**TASK TO CARRY OUT**
Even the shortest line counts, so transcribe all the data exactly.

**INPUT RECORDS**
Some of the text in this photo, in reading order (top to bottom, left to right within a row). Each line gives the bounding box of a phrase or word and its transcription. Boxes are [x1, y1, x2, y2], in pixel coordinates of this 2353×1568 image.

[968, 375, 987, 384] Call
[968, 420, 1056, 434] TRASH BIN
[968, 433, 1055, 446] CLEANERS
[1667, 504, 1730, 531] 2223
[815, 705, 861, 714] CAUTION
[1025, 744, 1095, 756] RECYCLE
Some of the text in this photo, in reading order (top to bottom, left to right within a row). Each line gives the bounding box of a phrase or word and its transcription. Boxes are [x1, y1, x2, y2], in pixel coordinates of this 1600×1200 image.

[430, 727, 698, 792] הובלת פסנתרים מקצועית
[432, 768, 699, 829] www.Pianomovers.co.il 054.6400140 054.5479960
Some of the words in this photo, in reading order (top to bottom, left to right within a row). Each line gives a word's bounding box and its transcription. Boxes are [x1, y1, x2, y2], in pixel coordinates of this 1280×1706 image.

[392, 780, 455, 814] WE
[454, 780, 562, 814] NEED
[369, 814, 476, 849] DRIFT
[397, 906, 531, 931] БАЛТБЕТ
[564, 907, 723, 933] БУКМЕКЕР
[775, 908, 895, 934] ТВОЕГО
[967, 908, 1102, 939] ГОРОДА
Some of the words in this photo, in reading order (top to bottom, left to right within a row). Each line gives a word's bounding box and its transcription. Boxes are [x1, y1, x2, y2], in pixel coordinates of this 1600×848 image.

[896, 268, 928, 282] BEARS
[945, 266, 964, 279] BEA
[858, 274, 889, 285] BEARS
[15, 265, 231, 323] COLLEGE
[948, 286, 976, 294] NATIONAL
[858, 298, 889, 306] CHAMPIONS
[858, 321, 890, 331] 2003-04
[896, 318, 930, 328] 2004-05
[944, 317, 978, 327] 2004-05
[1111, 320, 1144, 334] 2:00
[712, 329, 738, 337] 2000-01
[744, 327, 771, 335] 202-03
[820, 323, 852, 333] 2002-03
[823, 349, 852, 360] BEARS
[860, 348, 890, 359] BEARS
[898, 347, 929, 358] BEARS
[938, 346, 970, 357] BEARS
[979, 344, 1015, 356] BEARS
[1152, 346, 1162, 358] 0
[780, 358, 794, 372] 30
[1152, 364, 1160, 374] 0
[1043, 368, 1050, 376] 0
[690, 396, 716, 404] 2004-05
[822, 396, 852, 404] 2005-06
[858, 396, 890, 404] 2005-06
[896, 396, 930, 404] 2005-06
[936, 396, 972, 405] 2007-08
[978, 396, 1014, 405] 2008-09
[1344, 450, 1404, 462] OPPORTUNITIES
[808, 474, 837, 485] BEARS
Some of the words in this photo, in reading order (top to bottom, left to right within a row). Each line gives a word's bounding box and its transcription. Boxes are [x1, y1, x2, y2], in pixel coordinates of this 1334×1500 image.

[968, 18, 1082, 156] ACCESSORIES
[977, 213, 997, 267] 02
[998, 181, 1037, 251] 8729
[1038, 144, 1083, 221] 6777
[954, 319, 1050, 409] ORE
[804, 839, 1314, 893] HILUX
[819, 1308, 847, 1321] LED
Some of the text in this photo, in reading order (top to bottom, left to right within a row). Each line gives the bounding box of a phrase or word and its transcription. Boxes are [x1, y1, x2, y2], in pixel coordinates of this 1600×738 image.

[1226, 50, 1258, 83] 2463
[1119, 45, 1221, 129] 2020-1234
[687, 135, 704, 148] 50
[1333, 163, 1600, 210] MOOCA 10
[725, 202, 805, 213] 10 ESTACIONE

**THE ANSWER**
Some of the text in this photo, in reading order (top to bottom, left to right within a row). Each line gives the bounding box of a phrase or word and its transcription. Boxes are [x1, y1, x2, y2], in pixel coordinates of this 2353×1568 image.

[968, 375, 987, 384] Call
[968, 420, 1056, 434] TRASH BIN
[968, 433, 1055, 446] CLEANERS
[1667, 504, 1730, 531] 2223
[815, 705, 861, 714] CAUTION
[1025, 744, 1095, 756] RECYCLE
Some of the text in this photo, in reading order (top to bottom, left to right within a row). Each line gives the bounding box of a phrase or word and its transcription. Boxes are [x1, y1, x2, y2], in pixel coordinates of this 1600×1200 image.

[430, 727, 698, 792] הובלת פסנתרים מקצועית
[432, 768, 699, 829] www.Pianomovers.co.il 054.6400140 054.5479960
Some of the words in this photo, in reading order (top to bottom, left to right within a row). Each line gives a word's bounding box and its transcription. Boxes are [x1, y1, x2, y2], in pixel coordinates of this 1280×1706 image.

[392, 780, 455, 814] WE
[454, 780, 562, 814] NEED
[369, 814, 476, 849] DRIFT
[397, 906, 531, 931] БАЛТБЕТ
[564, 907, 723, 933] БУКМЕКЕР
[775, 908, 895, 934] ТВОЕГО
[967, 908, 1102, 939] ГОРОДА
Some of the words in this photo, in reading order (top to bottom, left to right within a row). Each line gives a word's bounding box and its transcription. Boxes are [x1, y1, x2, y2], in pixel coordinates of this 1600×848 image.

[896, 268, 928, 282] BEARS
[945, 266, 964, 279] BEA
[858, 274, 889, 285] BEARS
[15, 265, 231, 323] COLLEGE
[948, 286, 976, 294] NATIONAL
[858, 298, 889, 306] CHAMPIONS
[858, 321, 890, 331] 2003-04
[896, 318, 930, 328] 2004-05
[944, 317, 978, 327] 2004-05
[1111, 320, 1144, 334] 2:00
[712, 329, 738, 337] 2000-01
[744, 327, 771, 335] 202-03
[820, 323, 852, 333] 2002-03
[823, 349, 852, 360] BEARS
[860, 348, 890, 359] BEARS
[898, 347, 929, 358] BEARS
[938, 346, 970, 357] BEARS
[979, 344, 1015, 356] BEARS
[1152, 346, 1162, 358] 0
[780, 358, 794, 372] 30
[1152, 364, 1160, 374] 0
[1043, 368, 1050, 376] 0
[690, 396, 716, 404] 2004-05
[822, 396, 852, 404] 2005-06
[858, 396, 890, 404] 2005-06
[896, 396, 930, 404] 2005-06
[936, 396, 972, 405] 2007-08
[978, 396, 1014, 405] 2008-09
[1344, 450, 1404, 462] OPPORTUNITIES
[808, 474, 837, 485] BEARS
Some of the words in this photo, in reading order (top to bottom, left to right within a row). Each line gives a word's bounding box and its transcription. Boxes are [x1, y1, x2, y2], in pixel coordinates of this 1334×1500 image.

[968, 18, 1082, 156] ACCESSORIES
[977, 213, 997, 267] 02
[998, 181, 1037, 251] 8729
[1038, 144, 1083, 221] 6777
[954, 319, 1050, 409] ORE
[804, 839, 1314, 893] HILUX
[819, 1308, 847, 1321] LED
Some of the text in this photo, in reading order (top to bottom, left to right within a row). Each line gives the bounding box of a phrase or word and its transcription. Boxes are [x1, y1, x2, y2], in pixel coordinates of this 1600×738 image.

[1226, 50, 1258, 83] 2463
[1119, 45, 1221, 129] 2020-1234
[687, 135, 704, 148] 50
[1333, 163, 1600, 210] MOOCA 10
[725, 202, 805, 213] 10 ESTACIONE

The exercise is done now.